***** Source material *****

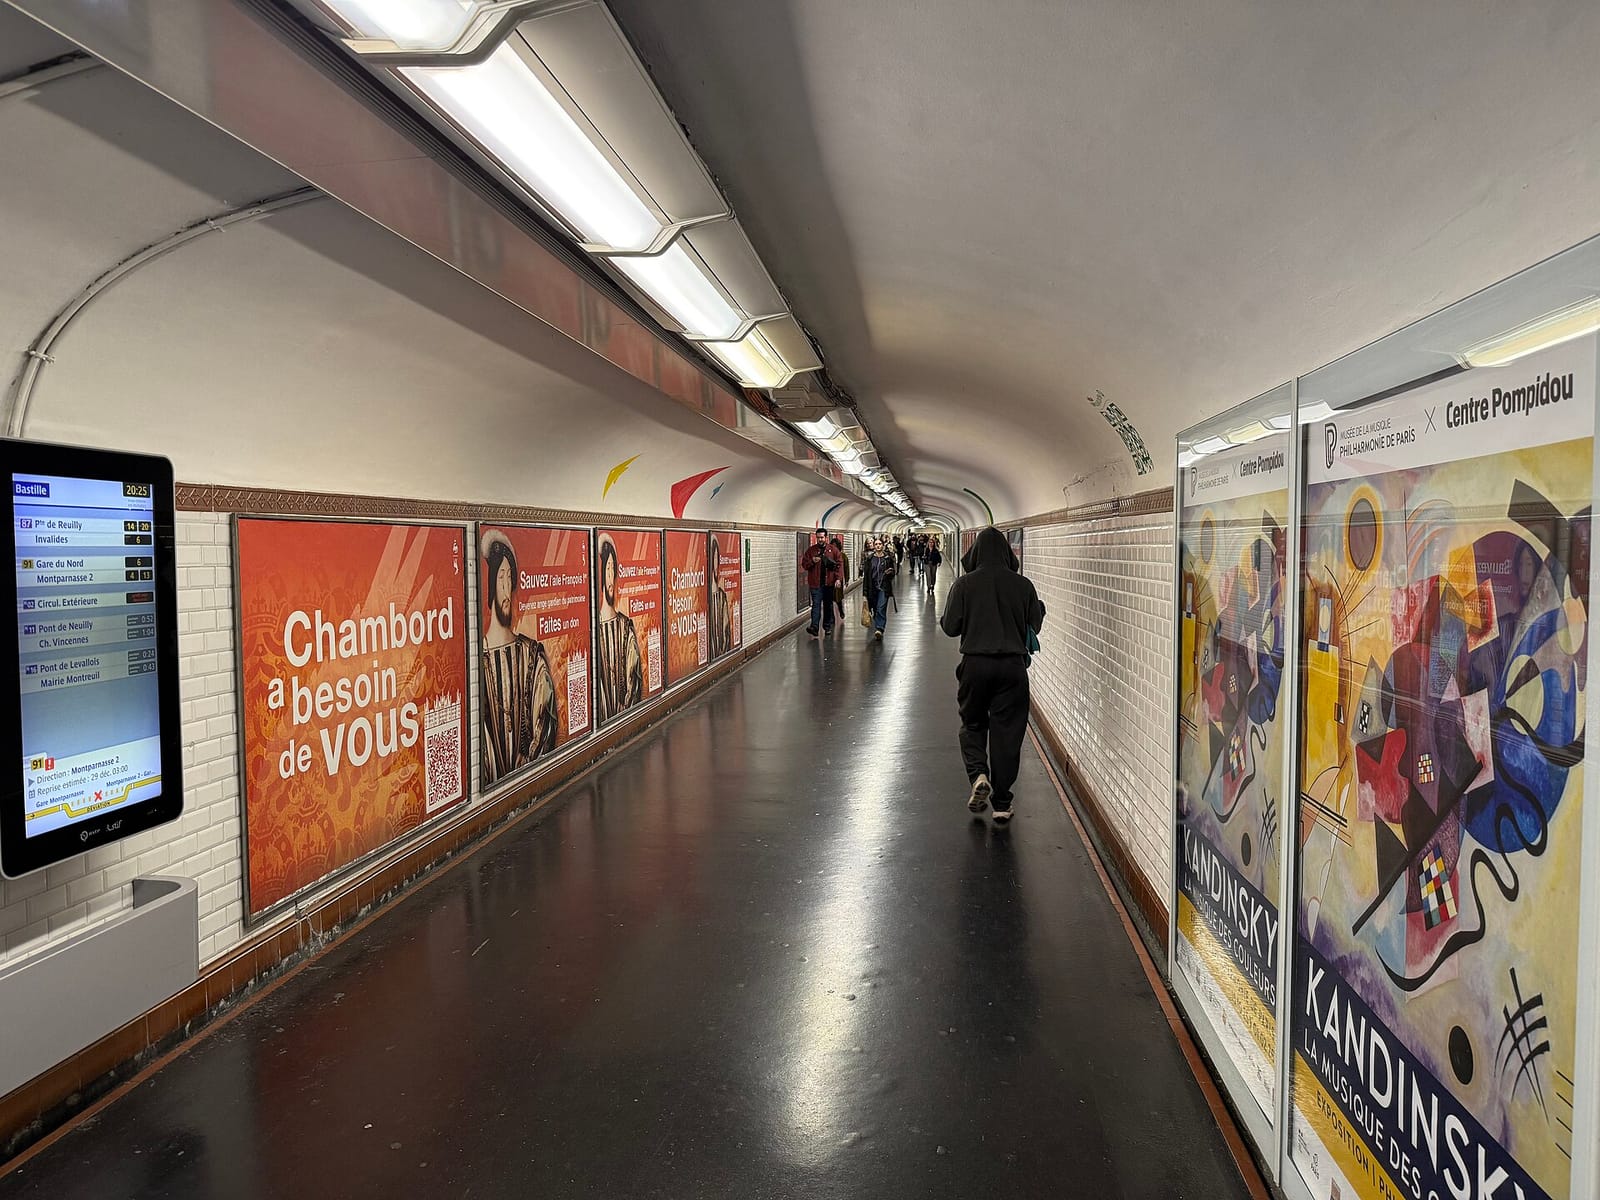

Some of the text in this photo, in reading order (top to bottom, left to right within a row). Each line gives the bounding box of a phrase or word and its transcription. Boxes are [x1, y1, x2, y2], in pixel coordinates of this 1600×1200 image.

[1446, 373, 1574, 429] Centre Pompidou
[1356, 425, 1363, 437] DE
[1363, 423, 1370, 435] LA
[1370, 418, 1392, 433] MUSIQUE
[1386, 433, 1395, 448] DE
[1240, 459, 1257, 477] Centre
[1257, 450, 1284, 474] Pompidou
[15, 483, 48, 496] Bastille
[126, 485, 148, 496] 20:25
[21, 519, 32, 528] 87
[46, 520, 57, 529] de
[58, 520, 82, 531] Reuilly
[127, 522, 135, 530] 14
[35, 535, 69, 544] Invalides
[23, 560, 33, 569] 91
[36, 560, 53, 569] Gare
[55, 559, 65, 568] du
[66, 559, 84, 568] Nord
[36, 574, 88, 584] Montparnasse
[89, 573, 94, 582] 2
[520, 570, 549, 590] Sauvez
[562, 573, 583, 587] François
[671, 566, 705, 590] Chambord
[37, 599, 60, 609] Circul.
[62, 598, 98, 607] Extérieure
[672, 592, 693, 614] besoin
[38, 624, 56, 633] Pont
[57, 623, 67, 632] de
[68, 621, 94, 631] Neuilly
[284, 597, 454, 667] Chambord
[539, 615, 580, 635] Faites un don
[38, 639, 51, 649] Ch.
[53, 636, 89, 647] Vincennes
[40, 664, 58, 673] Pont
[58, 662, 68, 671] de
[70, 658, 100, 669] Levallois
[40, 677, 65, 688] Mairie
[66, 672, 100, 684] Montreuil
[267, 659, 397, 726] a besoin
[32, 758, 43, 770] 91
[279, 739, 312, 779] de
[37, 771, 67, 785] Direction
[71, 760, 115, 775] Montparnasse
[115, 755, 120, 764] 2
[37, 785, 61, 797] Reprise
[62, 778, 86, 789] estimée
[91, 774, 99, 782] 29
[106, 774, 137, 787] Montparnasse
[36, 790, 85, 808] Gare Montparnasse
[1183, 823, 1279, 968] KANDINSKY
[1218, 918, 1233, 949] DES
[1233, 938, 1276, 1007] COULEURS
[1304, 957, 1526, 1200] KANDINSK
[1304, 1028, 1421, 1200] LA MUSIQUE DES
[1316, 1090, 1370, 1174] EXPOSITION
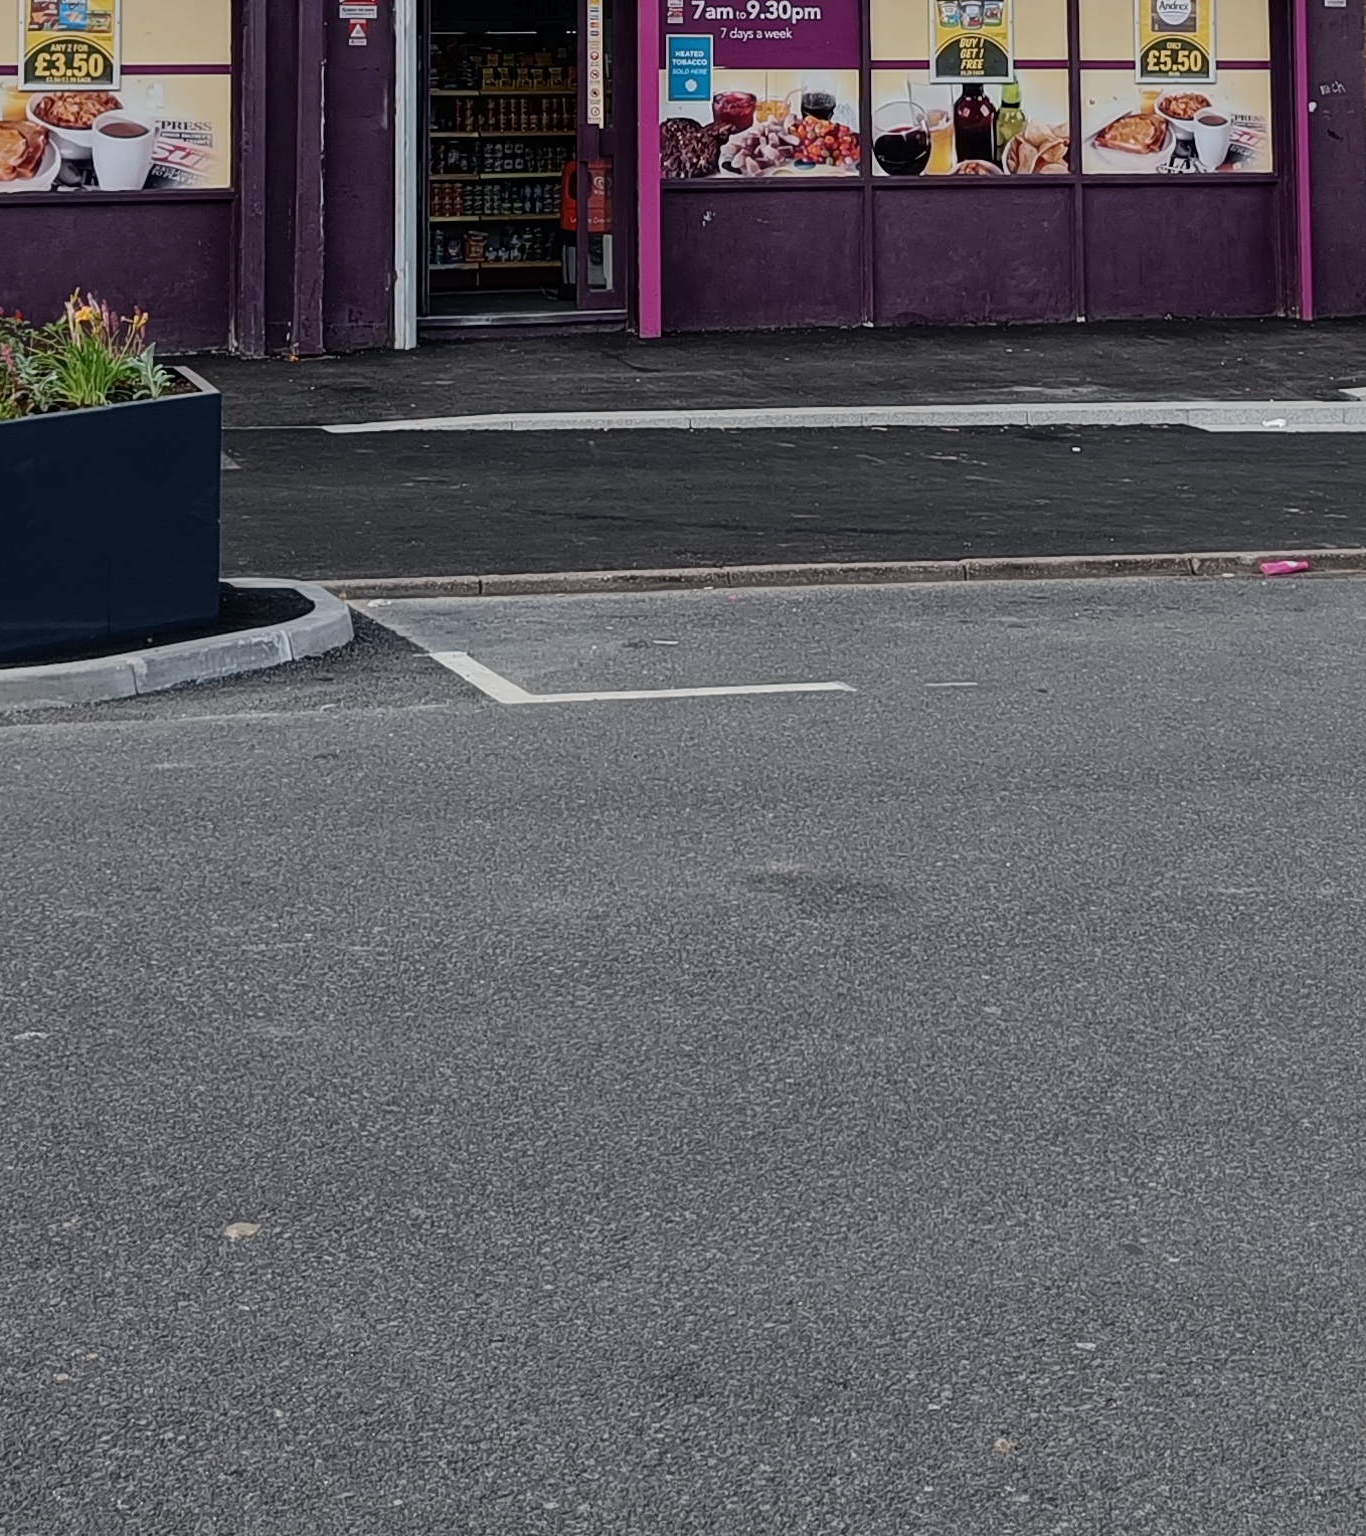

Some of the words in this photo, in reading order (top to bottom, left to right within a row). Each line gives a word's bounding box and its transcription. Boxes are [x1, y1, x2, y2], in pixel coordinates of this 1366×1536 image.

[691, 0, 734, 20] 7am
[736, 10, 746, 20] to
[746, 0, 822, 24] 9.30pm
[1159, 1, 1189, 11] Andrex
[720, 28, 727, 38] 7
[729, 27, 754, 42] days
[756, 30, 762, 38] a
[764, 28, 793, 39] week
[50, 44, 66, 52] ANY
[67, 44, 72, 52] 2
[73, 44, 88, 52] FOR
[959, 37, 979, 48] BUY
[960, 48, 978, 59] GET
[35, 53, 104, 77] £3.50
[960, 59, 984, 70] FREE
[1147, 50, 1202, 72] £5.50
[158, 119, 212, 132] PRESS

*****

* [Prompt]: The answer must restate every entry word for word, with the pictures left out.

* [Your solution]:
Some of the text in this photo, in reading order (top to bottom, left to right within a row). Each line gives the bounding box of a phrase or word and its transcription. Boxes are [x1, y1, x2, y2], in pixel coordinates of this 1600×1200 image.

[1446, 373, 1574, 429] Centre Pompidou
[1356, 425, 1363, 437] DE
[1363, 423, 1370, 435] LA
[1370, 418, 1392, 433] MUSIQUE
[1386, 433, 1395, 448] DE
[1240, 459, 1257, 477] Centre
[1257, 450, 1284, 474] Pompidou
[15, 483, 48, 496] Bastille
[126, 485, 148, 496] 20:25
[21, 519, 32, 528] 87
[46, 520, 57, 529] de
[58, 520, 82, 531] Reuilly
[127, 522, 135, 530] 14
[35, 535, 69, 544] Invalides
[23, 560, 33, 569] 91
[36, 560, 53, 569] Gare
[55, 559, 65, 568] du
[66, 559, 84, 568] Nord
[36, 574, 88, 584] Montparnasse
[89, 573, 94, 582] 2
[520, 570, 549, 590] Sauvez
[562, 573, 583, 587] François
[671, 566, 705, 590] Chambord
[37, 599, 60, 609] Circul.
[62, 598, 98, 607] Extérieure
[672, 592, 693, 614] besoin
[38, 624, 56, 633] Pont
[57, 623, 67, 632] de
[68, 621, 94, 631] Neuilly
[284, 597, 454, 667] Chambord
[539, 615, 580, 635] Faites un don
[38, 639, 51, 649] Ch.
[53, 636, 89, 647] Vincennes
[40, 664, 58, 673] Pont
[58, 662, 68, 671] de
[70, 658, 100, 669] Levallois
[40, 677, 65, 688] Mairie
[66, 672, 100, 684] Montreuil
[267, 659, 397, 726] a besoin
[32, 758, 43, 770] 91
[279, 739, 312, 779] de
[37, 771, 67, 785] Direction
[71, 760, 115, 775] Montparnasse
[115, 755, 120, 764] 2
[37, 785, 61, 797] Reprise
[62, 778, 86, 789] estimée
[91, 774, 99, 782] 29
[106, 774, 137, 787] Montparnasse
[36, 790, 85, 808] Gare Montparnasse
[1183, 823, 1279, 968] KANDINSKY
[1218, 918, 1233, 949] DES
[1233, 938, 1276, 1007] COULEURS
[1304, 957, 1526, 1200] KANDINSK
[1304, 1028, 1421, 1200] LA MUSIQUE DES
[1316, 1090, 1370, 1174] EXPOSITION

Some of the words in this photo, in reading order (top to bottom, left to right within a row). Each line gives a word's bounding box and its transcription. Boxes are [x1, y1, x2, y2], in pixel coordinates of this 1366×1536 image.

[691, 0, 734, 20] 7am
[736, 10, 746, 20] to
[746, 0, 822, 24] 9.30pm
[1159, 1, 1189, 11] Andrex
[720, 28, 727, 38] 7
[729, 27, 754, 42] days
[756, 30, 762, 38] a
[764, 28, 793, 39] week
[50, 44, 66, 52] ANY
[67, 44, 72, 52] 2
[73, 44, 88, 52] FOR
[959, 37, 979, 48] BUY
[960, 48, 978, 59] GET
[35, 53, 104, 77] £3.50
[960, 59, 984, 70] FREE
[1147, 50, 1202, 72] £5.50
[158, 119, 212, 132] PRESS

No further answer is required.